Listed entries

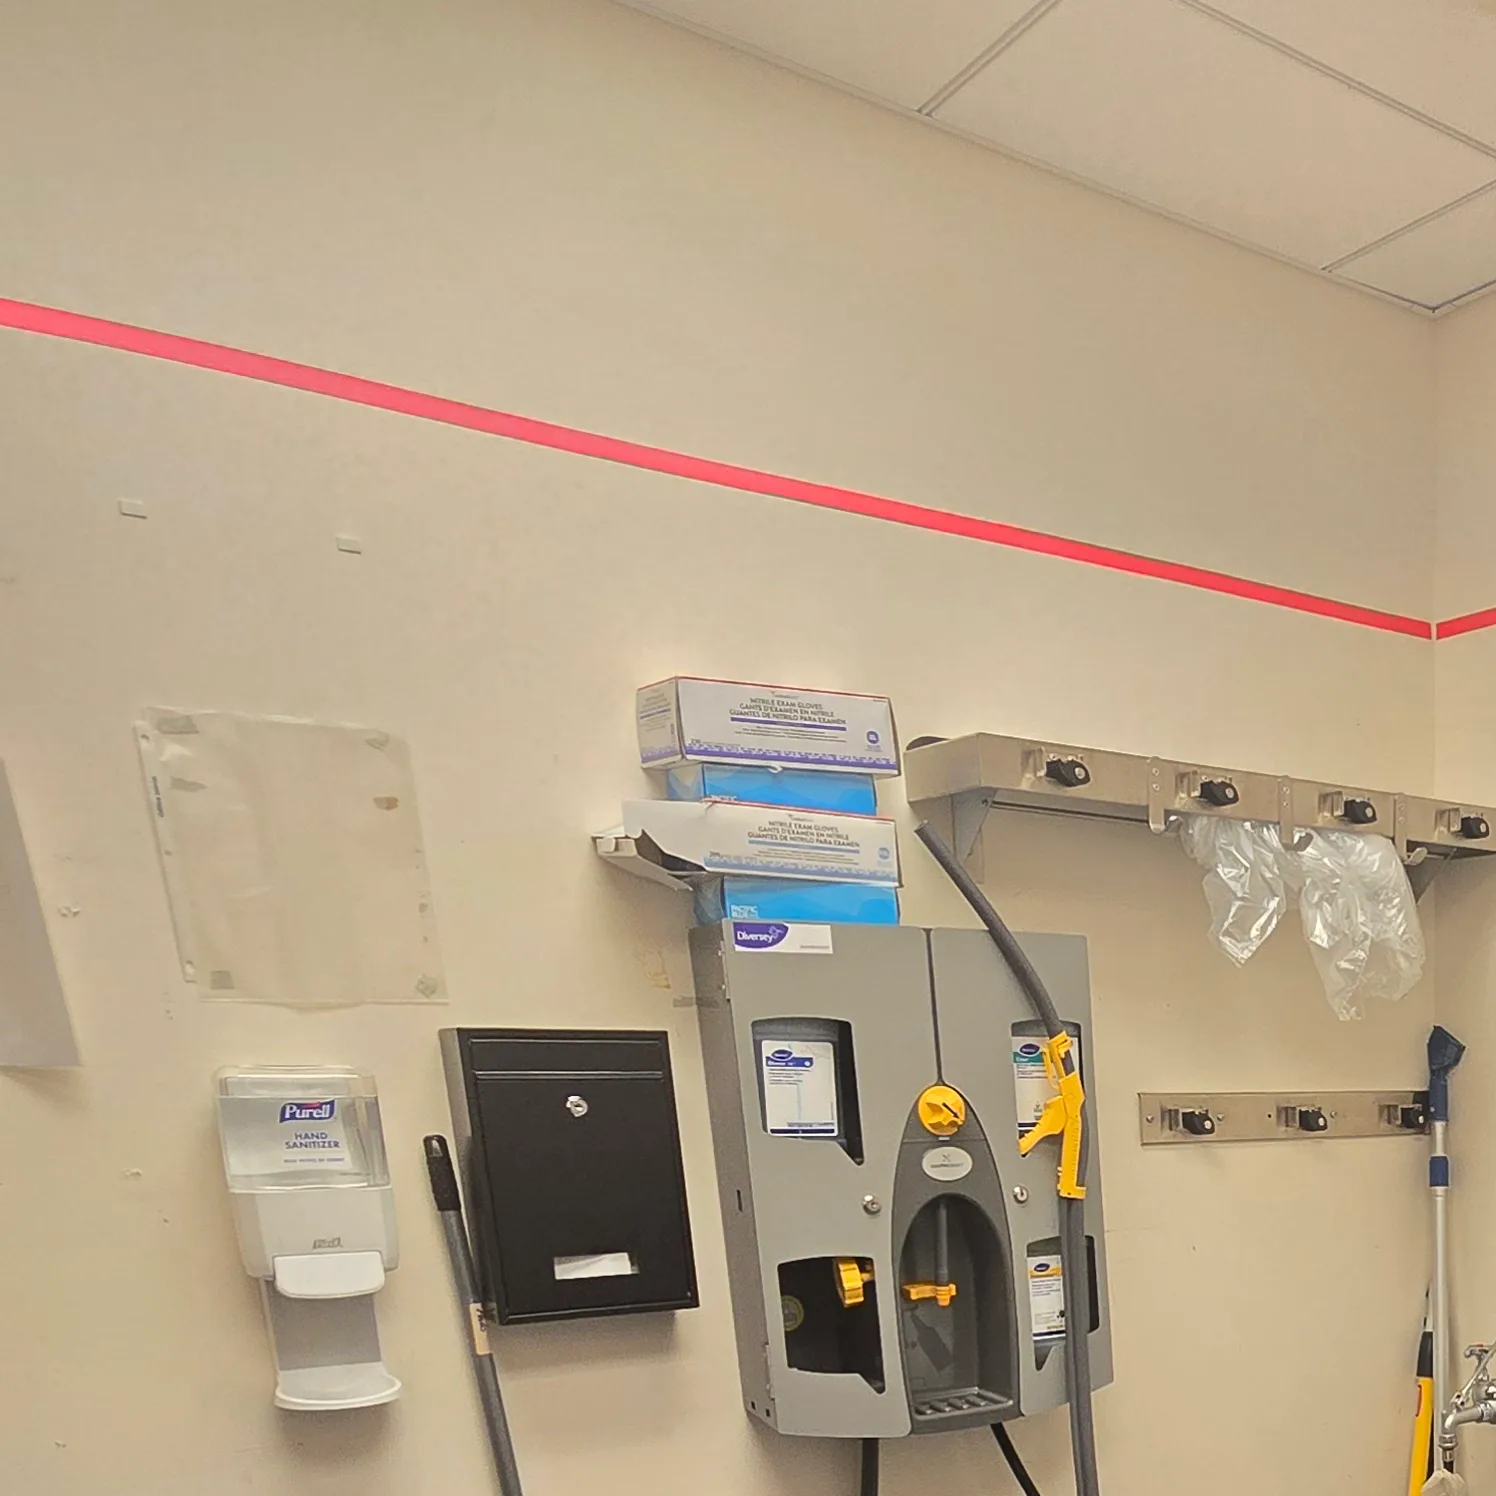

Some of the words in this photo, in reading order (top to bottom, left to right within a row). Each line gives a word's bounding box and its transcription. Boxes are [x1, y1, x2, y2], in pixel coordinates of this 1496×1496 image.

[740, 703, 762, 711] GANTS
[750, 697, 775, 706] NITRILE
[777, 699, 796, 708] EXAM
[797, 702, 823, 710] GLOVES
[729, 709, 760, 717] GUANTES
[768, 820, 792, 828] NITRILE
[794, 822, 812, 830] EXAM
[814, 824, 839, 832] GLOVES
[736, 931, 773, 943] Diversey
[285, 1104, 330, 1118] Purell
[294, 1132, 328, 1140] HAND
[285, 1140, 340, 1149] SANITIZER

Work to complete
Set the material above down again word for word. Include none of its pictures.

Exercise output
Some of the words in this photo, in reading order (top to bottom, left to right within a row). Each line gives a word's bounding box and its transcription. Boxes are [x1, y1, x2, y2], in pixel coordinates of this 1496×1496 image.

[740, 703, 762, 711] GANTS
[750, 697, 775, 706] NITRILE
[777, 699, 796, 708] EXAM
[797, 702, 823, 710] GLOVES
[729, 709, 760, 717] GUANTES
[768, 820, 792, 828] NITRILE
[794, 822, 812, 830] EXAM
[814, 824, 839, 832] GLOVES
[736, 931, 773, 943] Diversey
[285, 1104, 330, 1118] Purell
[294, 1132, 328, 1140] HAND
[285, 1140, 340, 1149] SANITIZER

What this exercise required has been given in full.